La France accélère sa stratégie de souveraineté spatiale. L’entreprise française Look Up Space et Tahiti Nui Telecom (filiale de l’OPT) ont officialisé vendredi à Paris un partenariat majeur : le déploiement de deux radars de surveillance spatiale sur les hauteurs de Tahiti. Baptisés Rehua et Matari’i, ces équipements doivent renforcer la capacité française et européenne à suivre les objets en orbite. Le premier radar doit entrer en exploitation en septembre 2026.

L’accord représente un investissement structurant : 6 millions d’euros pour le déploiement des deux radars (travaux, génie civil, alimentation électrique, connectivité, sécurité) et 3 millions d’euros pour leur exploitation sur 20 ans, hors énergie.

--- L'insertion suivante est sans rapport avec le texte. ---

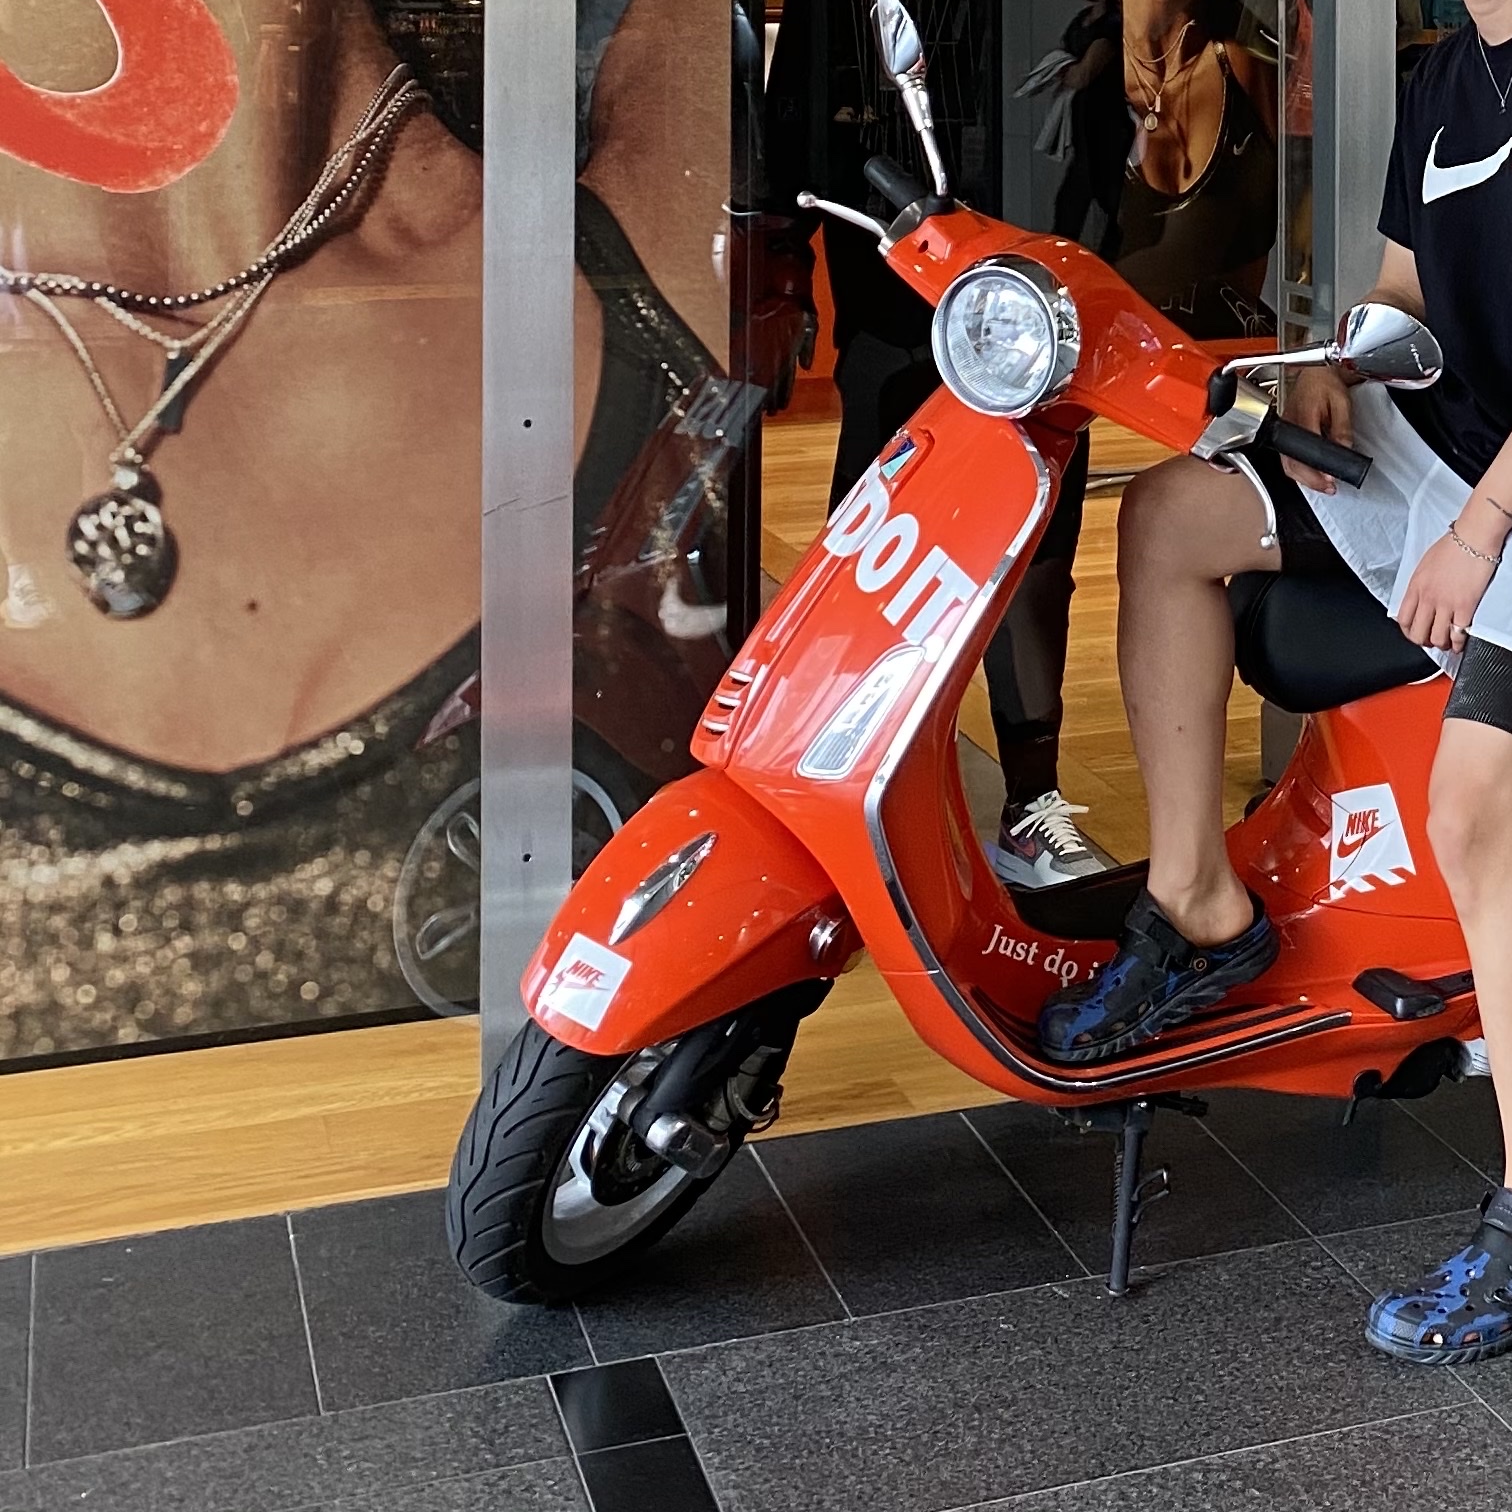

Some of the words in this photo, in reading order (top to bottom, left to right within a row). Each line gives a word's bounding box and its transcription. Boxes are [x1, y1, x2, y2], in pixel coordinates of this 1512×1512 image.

Le site choisi, sur les hauteurs de Papeno’o, bénéficie déjà d’infrastructures stratégiques : antennes télécoms, data center, installations liées à Galileo (Agence spatiale européenne) et équipements du réseau OneWeb.

Tahiti, avant-poste stratégique dans le Pacifique

Pour Look Up Space, la Polynésie française constitue un emplacement de premier ordre : une position géographique « exceptionnelle », permettant de faire de Tahiti une véritable sentinelle avancée pour la surveillance orbitale française et européenne. Le général Michel Friedling, PDG et cofondateur de l’entreprise, insiste : il ne s’agit pas seulement d’un contrat commercial, mais d’une étape clé dans la construction d’un réseau souverain de surveillance spatiale.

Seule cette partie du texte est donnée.